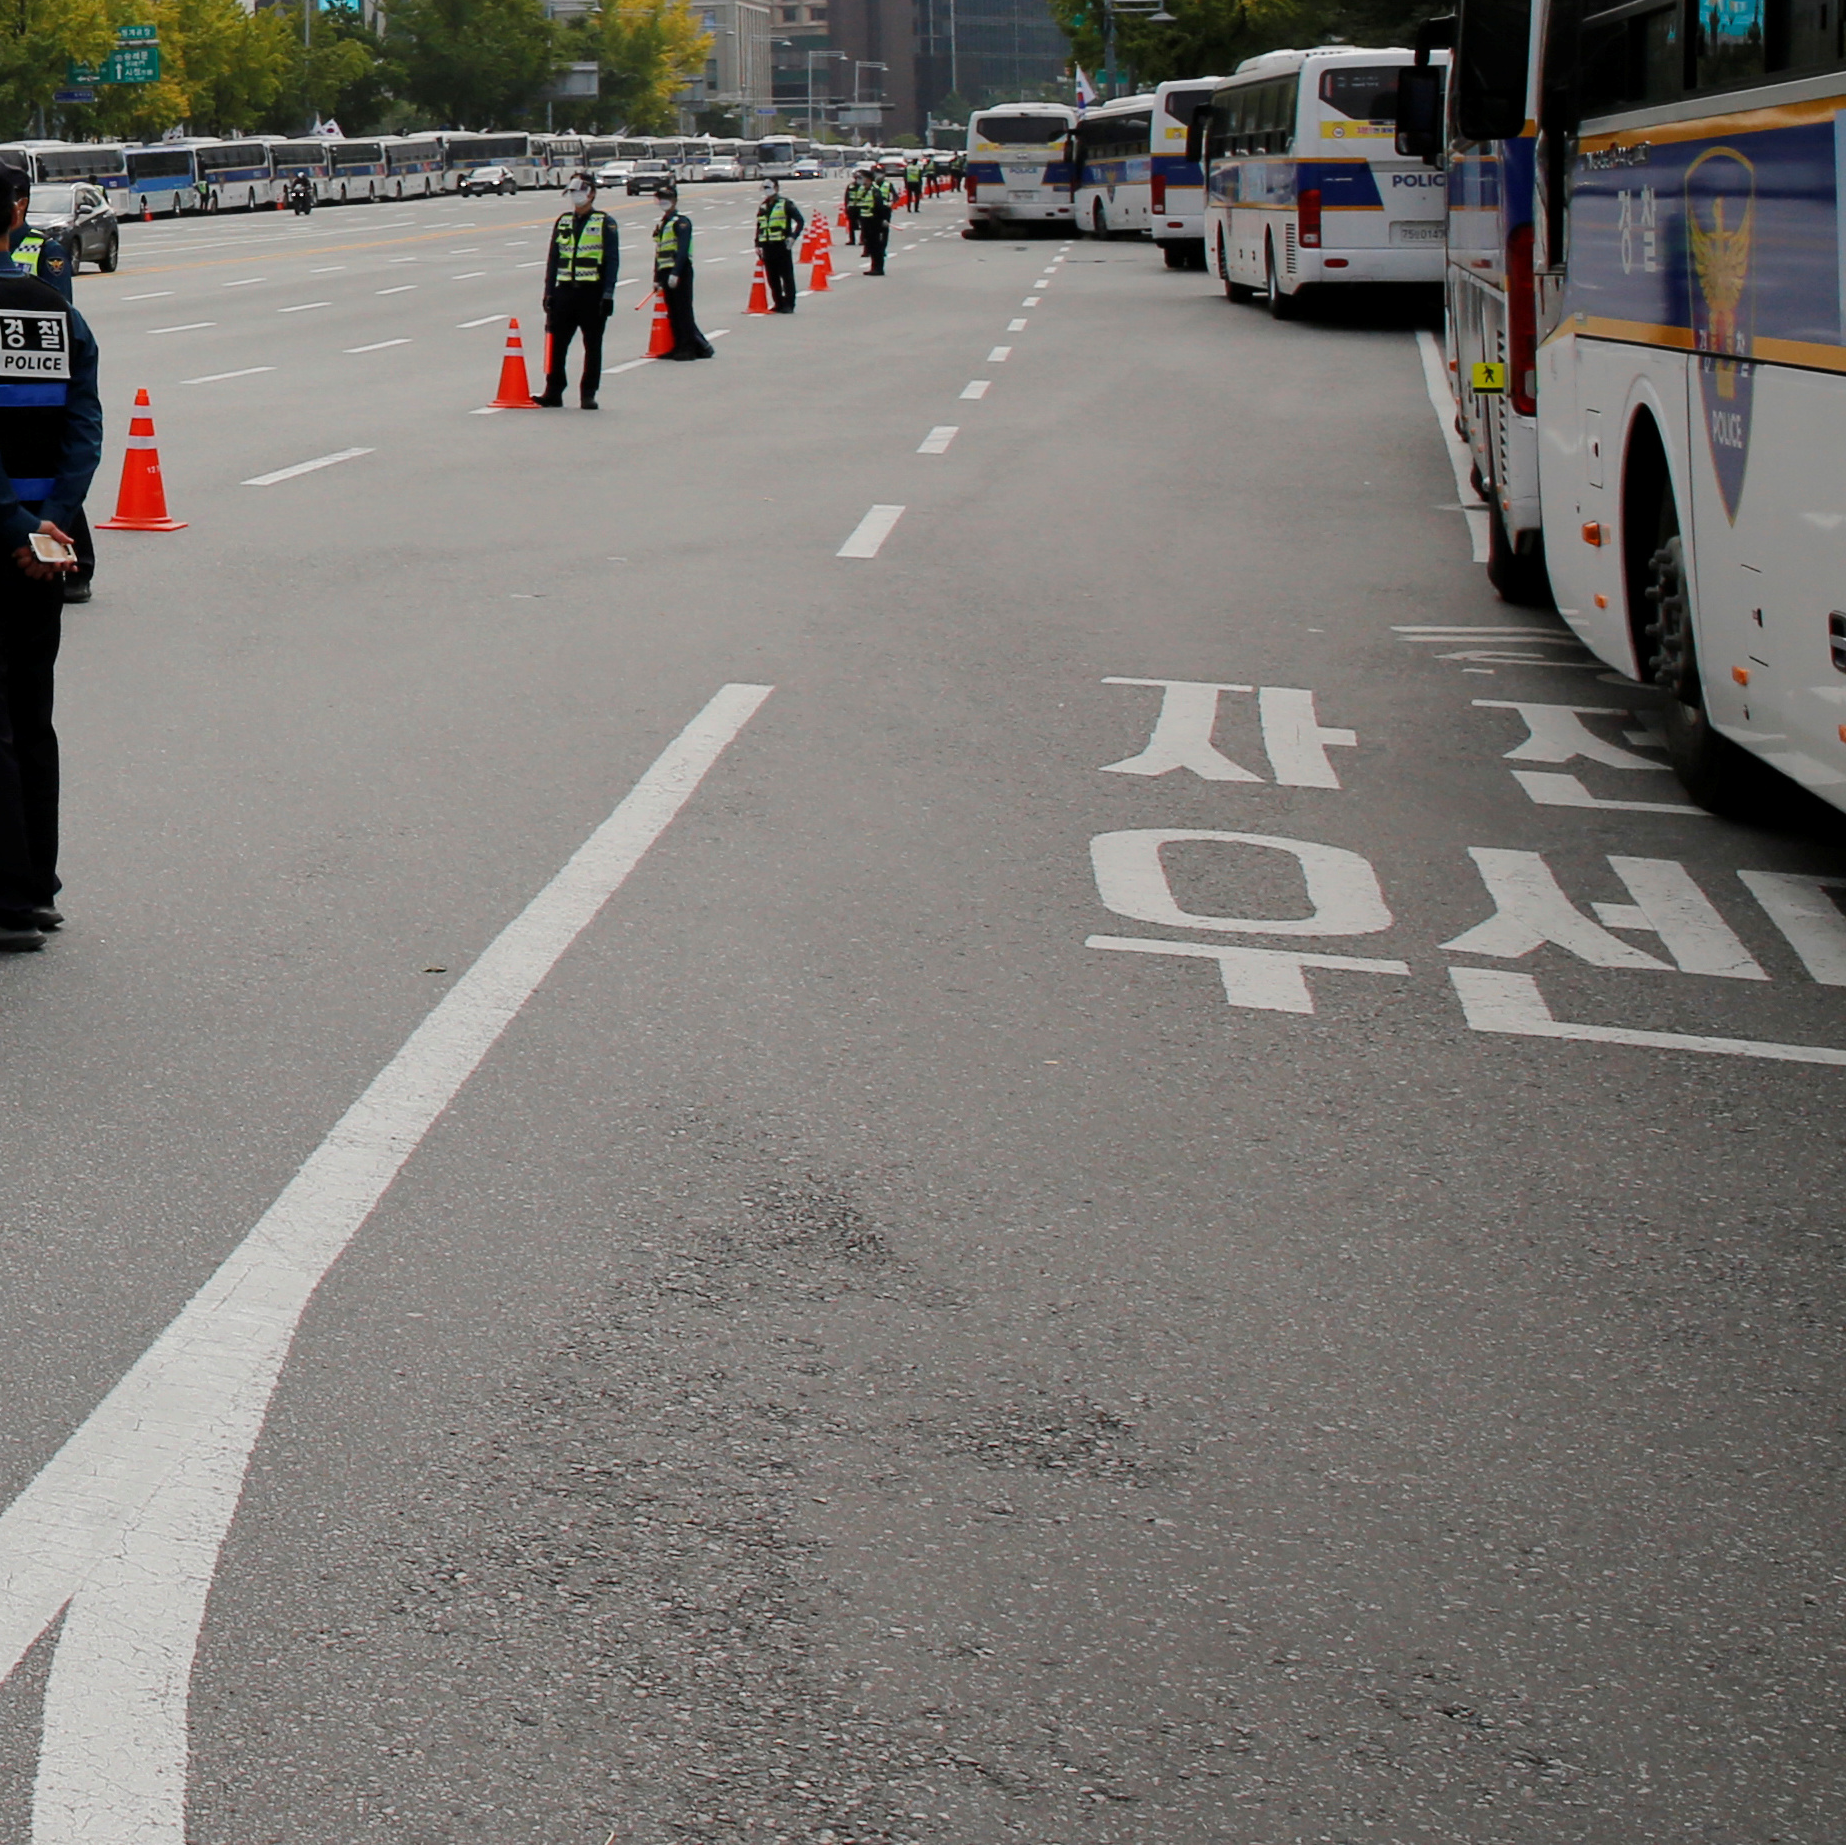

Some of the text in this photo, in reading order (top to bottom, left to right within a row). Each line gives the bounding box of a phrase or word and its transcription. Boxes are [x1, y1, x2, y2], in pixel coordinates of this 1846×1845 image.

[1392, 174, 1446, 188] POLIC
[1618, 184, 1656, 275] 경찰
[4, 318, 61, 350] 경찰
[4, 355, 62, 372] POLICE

• • • • • • •

• [Goal of the exercise] An exact copy of all the records is required, with the pictures omitted.

• [Answer area]
Some of the text in this photo, in reading order (top to bottom, left to right within a row). Each line gives the bounding box of a phrase or word and its transcription. Boxes are [x1, y1, x2, y2], in pixel coordinates of this 1846×1845 image.

[1392, 174, 1446, 188] POLIC
[1618, 184, 1656, 275] 경찰
[4, 318, 61, 350] 경찰
[4, 355, 62, 372] POLICE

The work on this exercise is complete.